John 20:19-31
When it was evening on that day, the first day of the week, and the doors of the house where the disciples had met were locked for fear of the Jews, Jesus came and stood among them and said, “Peace be with you.” After he said this, he showed them his hands and his side. Then the disciples rejoiced when they saw the Lord. Jesus said to them again, “Peace be with you. As the Father has sent me, so I send you.” When he had said this, he breathed on them and said to them, “Receive the Holy Spirit. If you forgive the sins of any, they are forgiven them; if you retain the sins of any, they are retained.” But Thomas (who was called the Twin), one of the twelve, was not with them when Jesus came.

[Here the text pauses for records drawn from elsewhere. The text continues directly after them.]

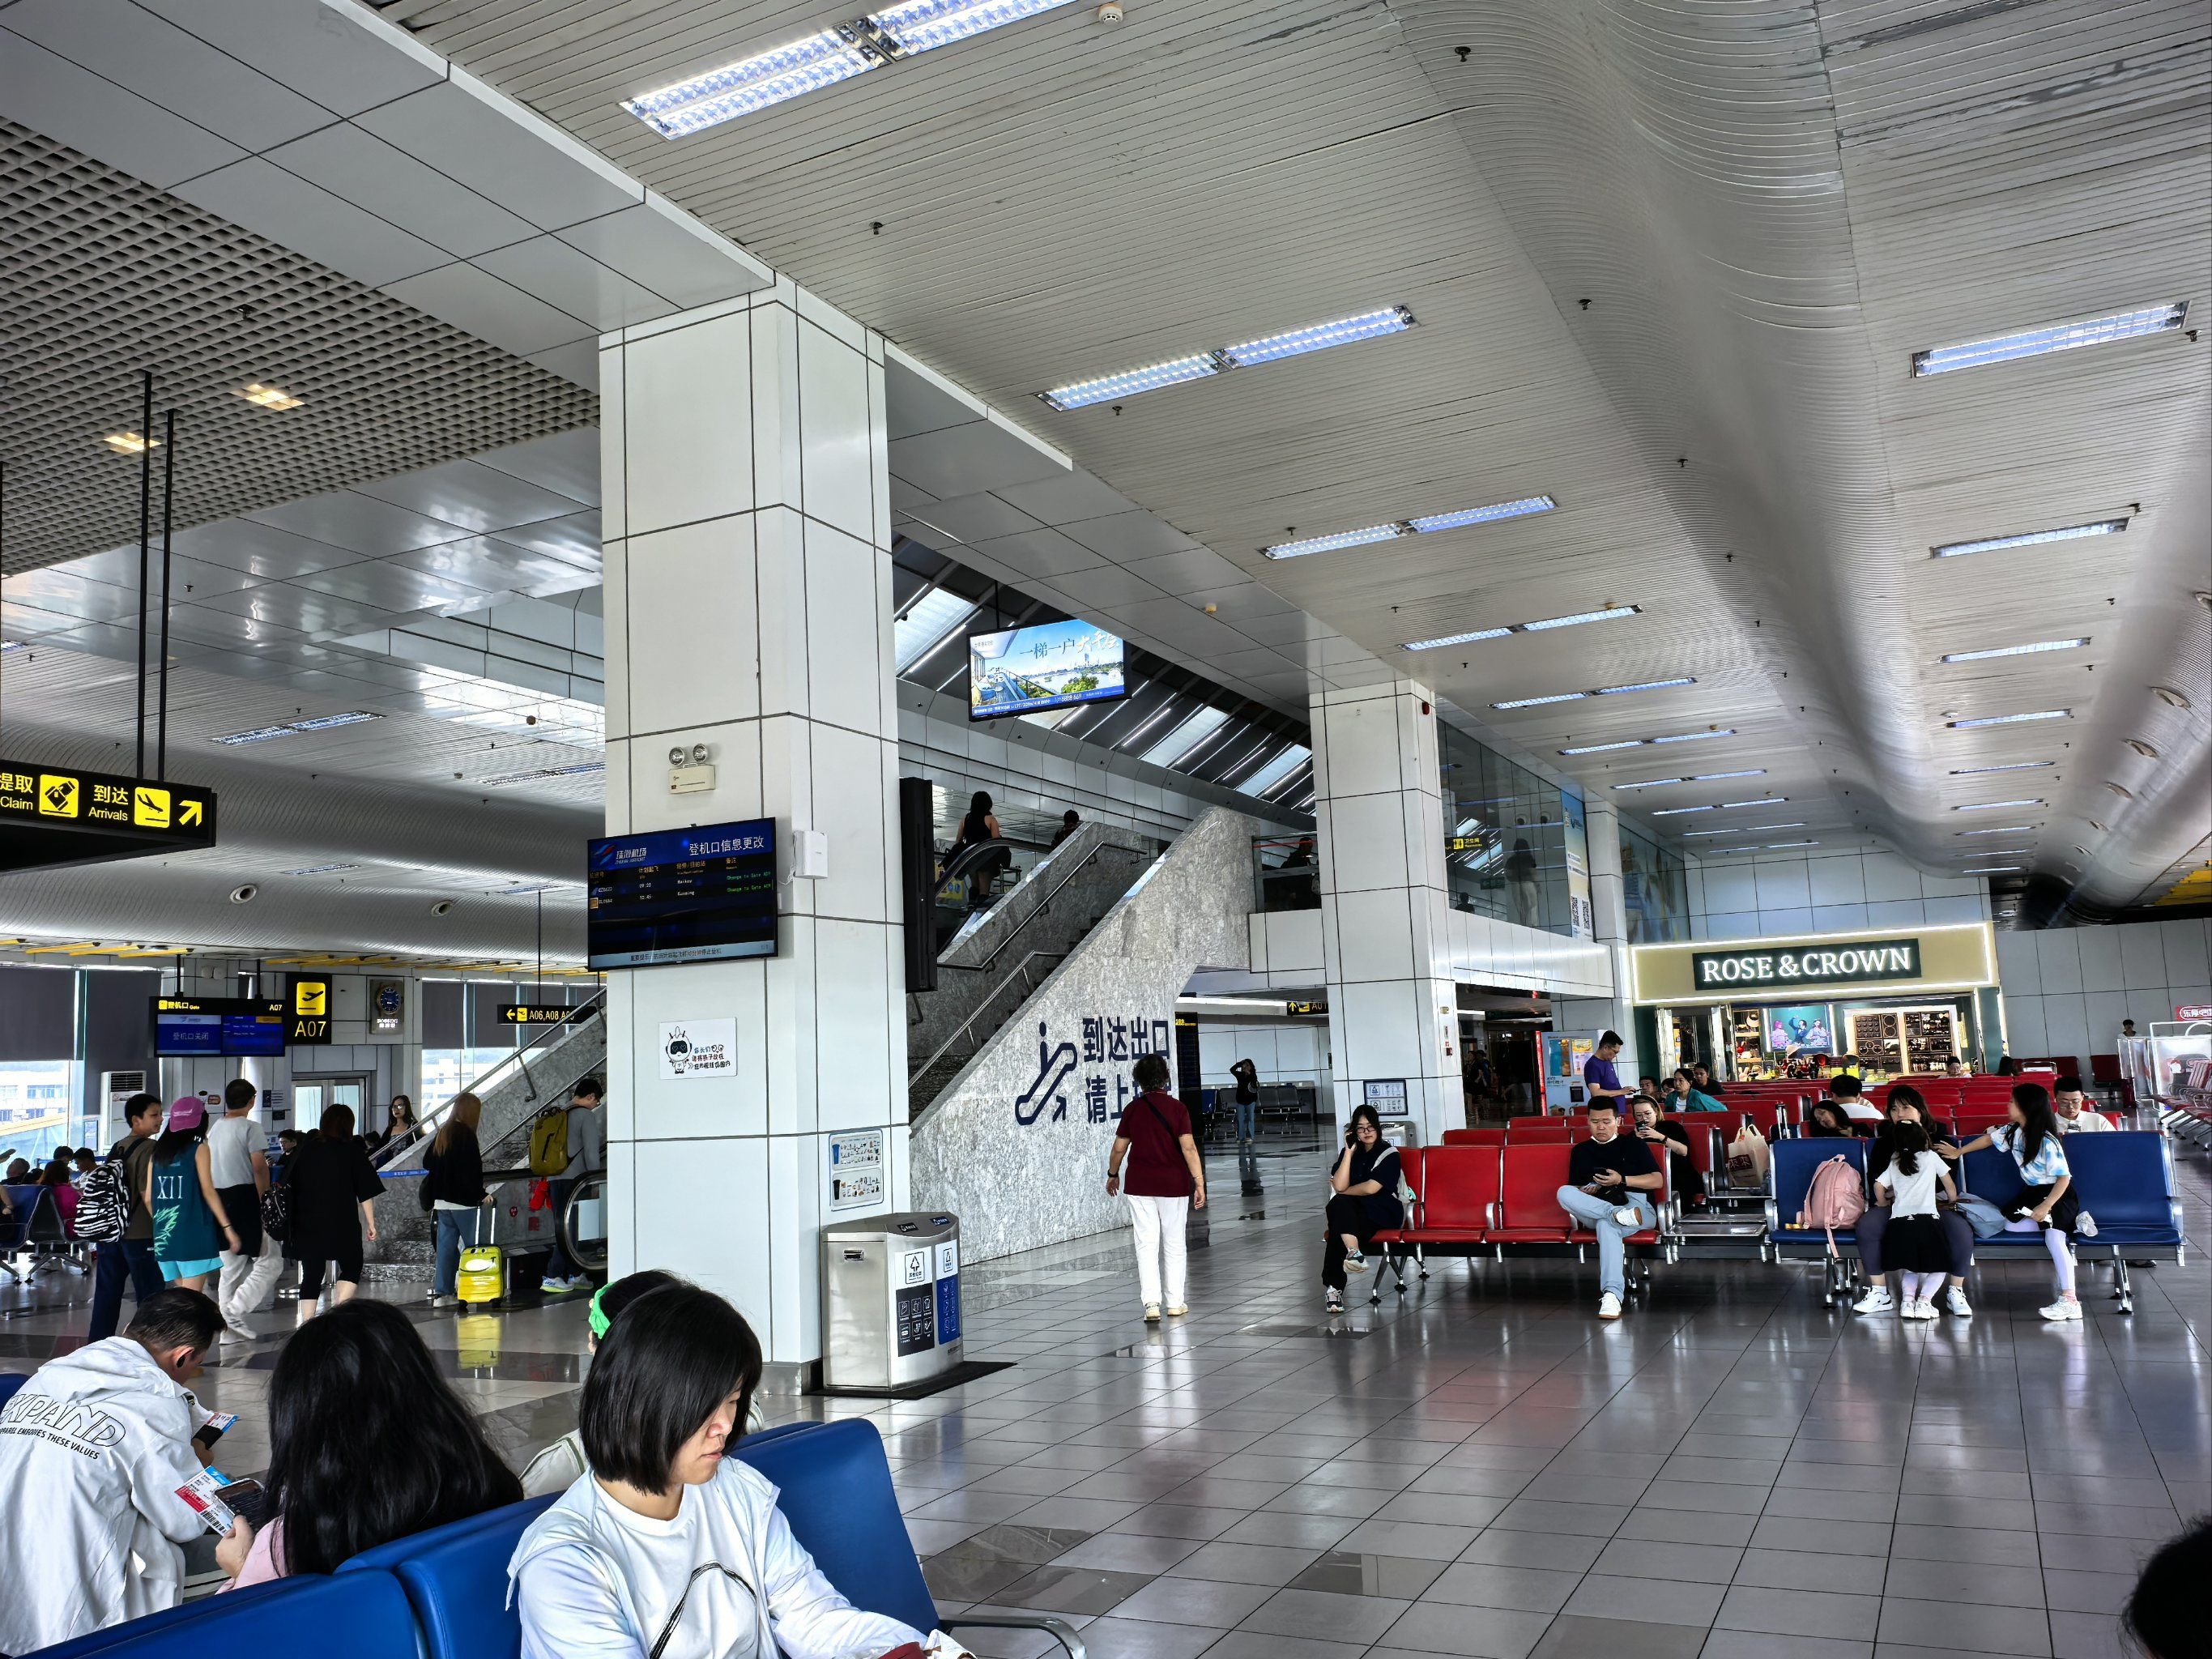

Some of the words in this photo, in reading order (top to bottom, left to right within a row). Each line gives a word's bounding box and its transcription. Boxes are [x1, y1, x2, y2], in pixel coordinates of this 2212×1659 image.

[0, 773, 33, 794] 提取
[93, 784, 129, 805] 到达
[0, 796, 33, 810] Claim
[88, 807, 128, 821] Arrivals
[689, 836, 765, 856] 登机口信息更改
[1701, 957, 1774, 983] ROSE
[1779, 953, 1801, 977] &
[1802, 947, 1911, 975] CROWN
[269, 1004, 283, 1012] A07
[173, 1031, 209, 1041] 登机口关闭
[295, 1021, 326, 1038] A07
[1082, 1016, 1170, 1063] 到达出口
[157, 1175, 183, 1199] XII
[46, 1433, 71, 1448] THESE
[70, 1441, 100, 1460] VALUES

So the other disciples told him, “We have seen the Lord.” But he said to them, “Unless I see the mark of the nails in his hands, and put my finger in the mark of the nails and my hand in his side, I will not believe.”

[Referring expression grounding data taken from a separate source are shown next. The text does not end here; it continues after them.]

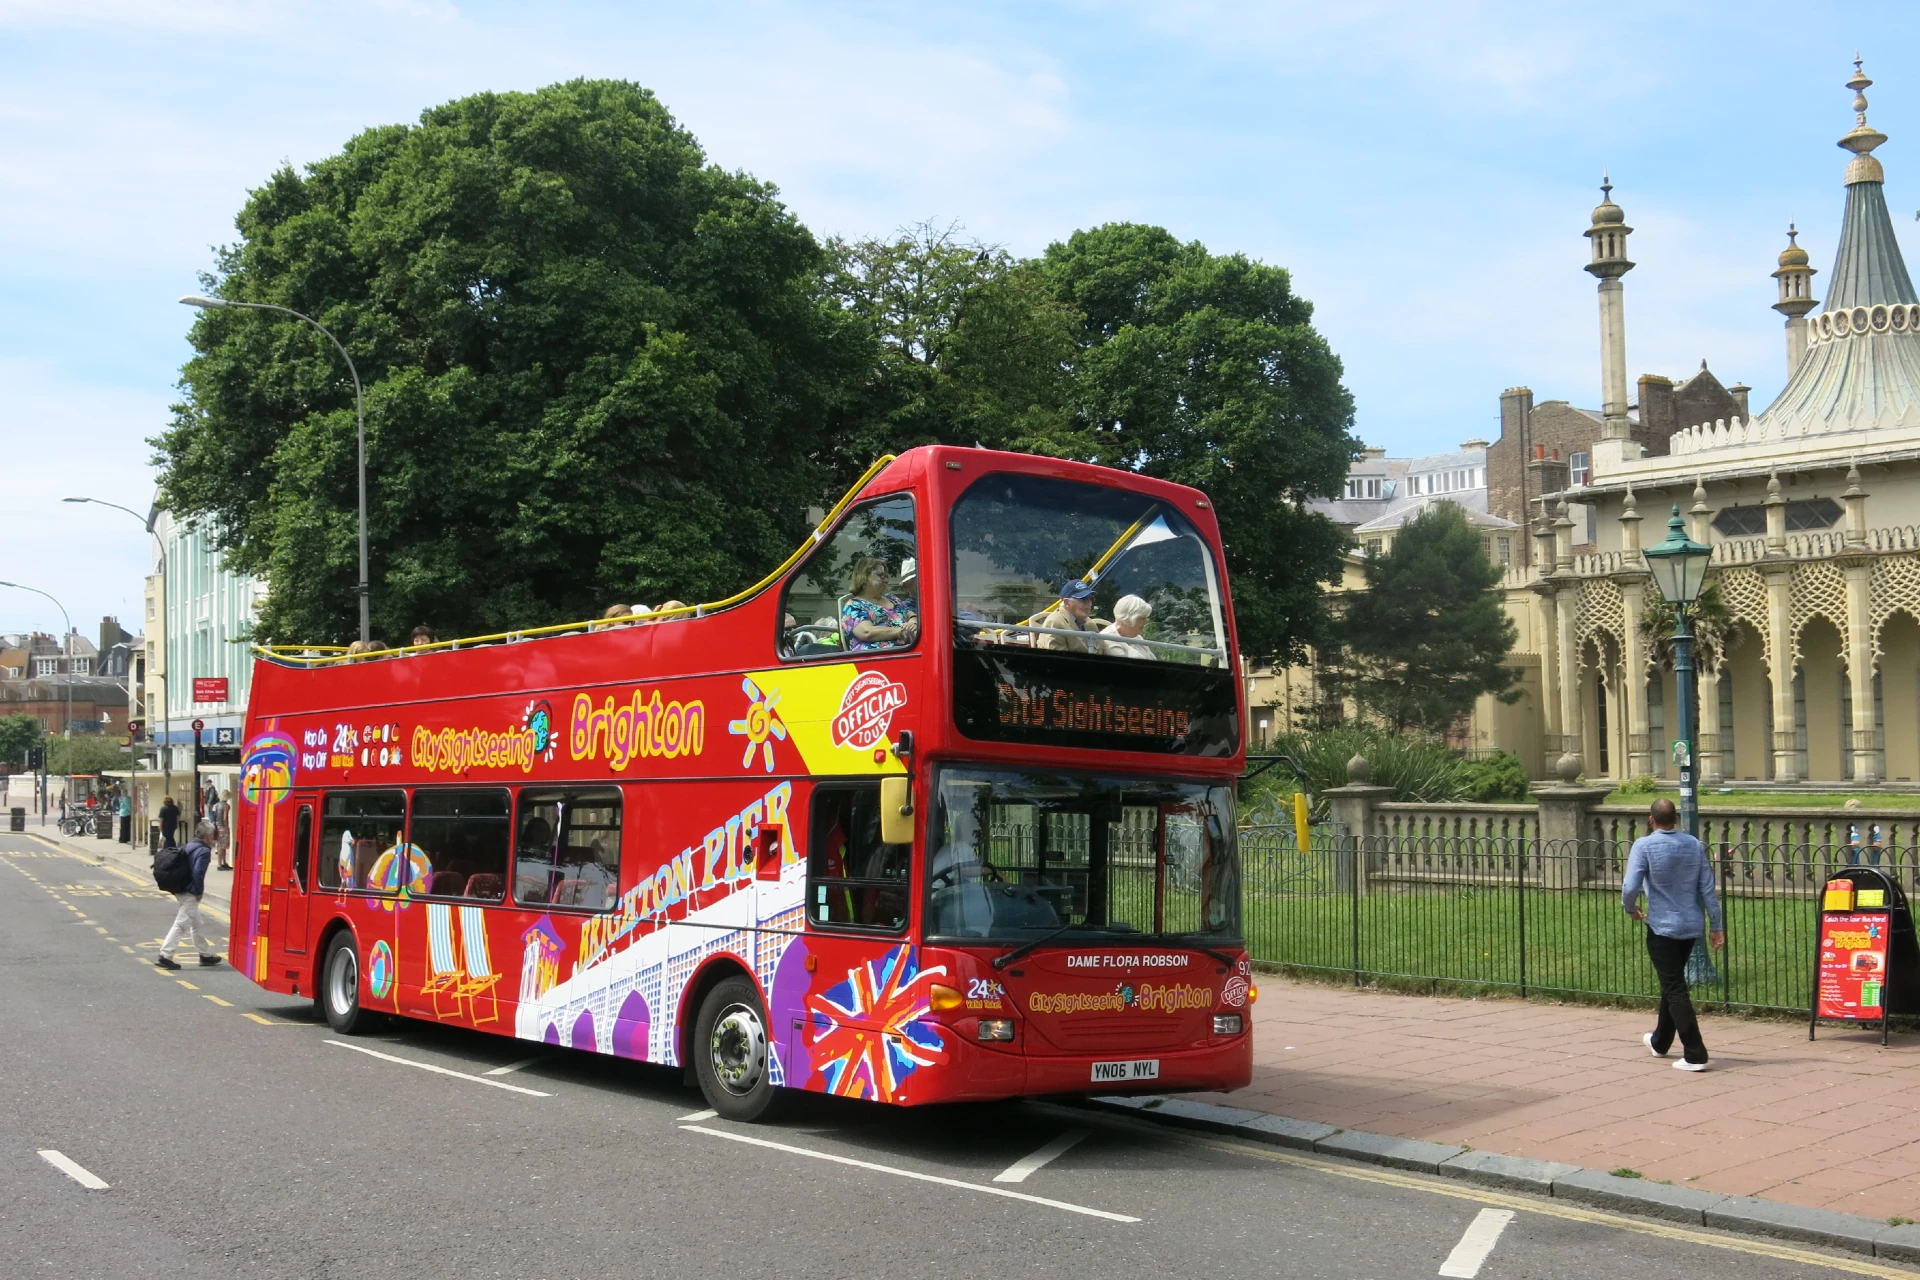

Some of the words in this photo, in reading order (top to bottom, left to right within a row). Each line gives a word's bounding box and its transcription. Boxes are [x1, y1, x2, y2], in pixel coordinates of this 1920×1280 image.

[845, 688, 855, 706] CITY
[854, 677, 886, 693] SIGHTSEEING
[838, 687, 902, 738] OFFICIAL
[998, 683, 1045, 725] City
[1053, 689, 1190, 738] Sightseeing
[304, 730, 317, 747] Hop
[317, 728, 328, 746] On
[571, 689, 704, 771] Brighton
[858, 718, 888, 743] TOUR
[302, 752, 315, 770] Hop
[315, 751, 328, 768] Off
[577, 846, 692, 975] BRIGHTON
[701, 780, 800, 891] PIER
[1067, 955, 1100, 968] DAME
[1103, 955, 1140, 967] FLORA
[1142, 954, 1188, 967] ROBSON
[967, 978, 988, 999] 24
[1139, 983, 1213, 1014] Brighton
[1095, 1063, 1127, 1079] YN06
[1133, 1062, 1156, 1077] NYL

A week later his disciples were again in the house, and Thomas was with them. Although the doors were shut, Jesus came and stood among them and said, “Peace be with you.” Then he said to Thomas, “Put your finger here and see my hands. Reach out your hand and put it in my side. Do not doubt but believe.” Thomas answered him, “My Lord and my God!” Jesus said to him, “Have you believed because you have seen me? Blessed are those who have not seen and yet have come to believe.” Now Jesus did many other signs in the presence of his disciples, which are not written in this book. But these are written so that you may come to believe that Jesus is the Messiah, the Son of God, and that through believing you may have life in his name.

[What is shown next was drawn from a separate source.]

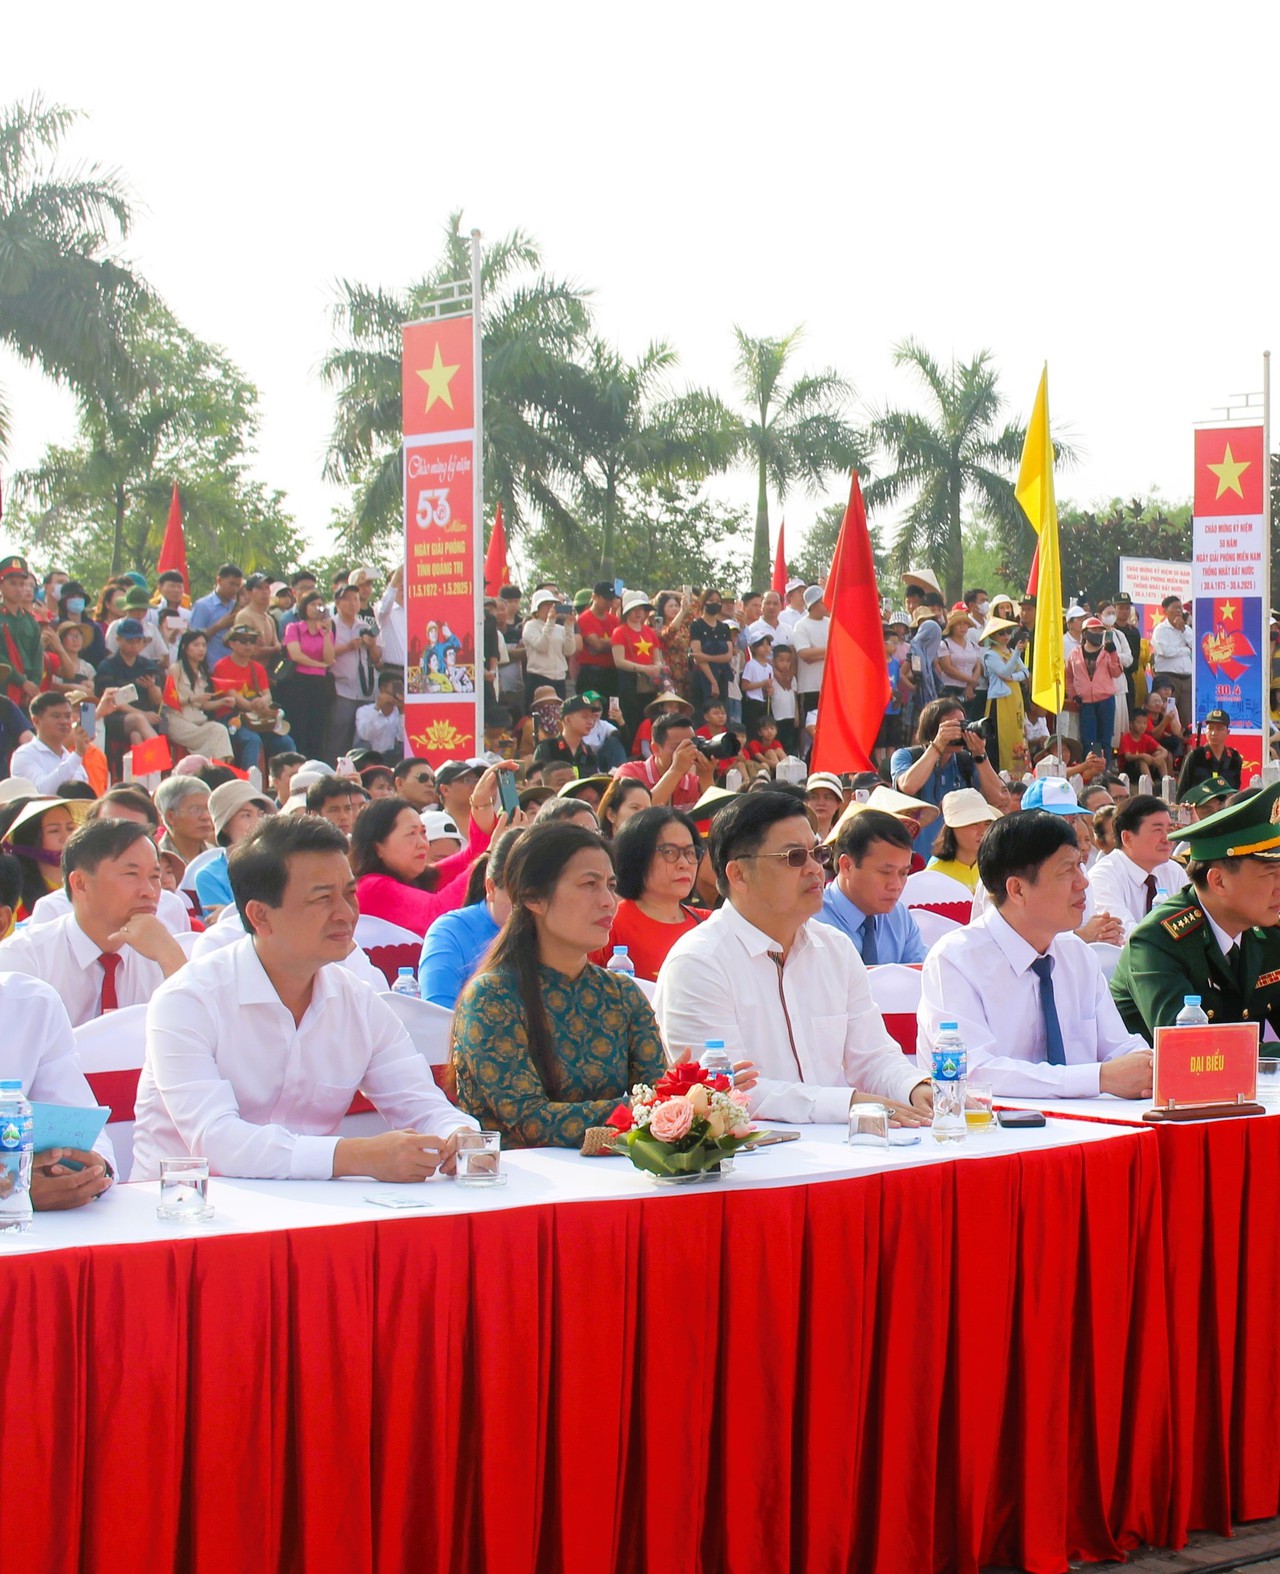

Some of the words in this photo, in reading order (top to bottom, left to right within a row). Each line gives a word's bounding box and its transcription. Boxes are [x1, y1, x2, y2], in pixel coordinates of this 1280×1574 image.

[416, 487, 450, 529] 53
[1190, 1056, 1204, 1076] ĐẠI
[1206, 1048, 1224, 1072] BIỂU

Recently, while visiting with my parents, their phone rang. My dad went to answer it while my mom explained to us that they get telemarketing calls add day long. When my dad came back from the phone, he explained with a glimmer in his eye which one had just called. “They were offering something for senior citizens,” he said, “...ages 40-85!” Senior citizens? Age 40? How many of us today are senior citizens today based on this newest age label? If you’re not there yet, you’re now closer than you’ve ever been before! I’m hoping my dad just heard the telemarketer wrong; but it got my attention.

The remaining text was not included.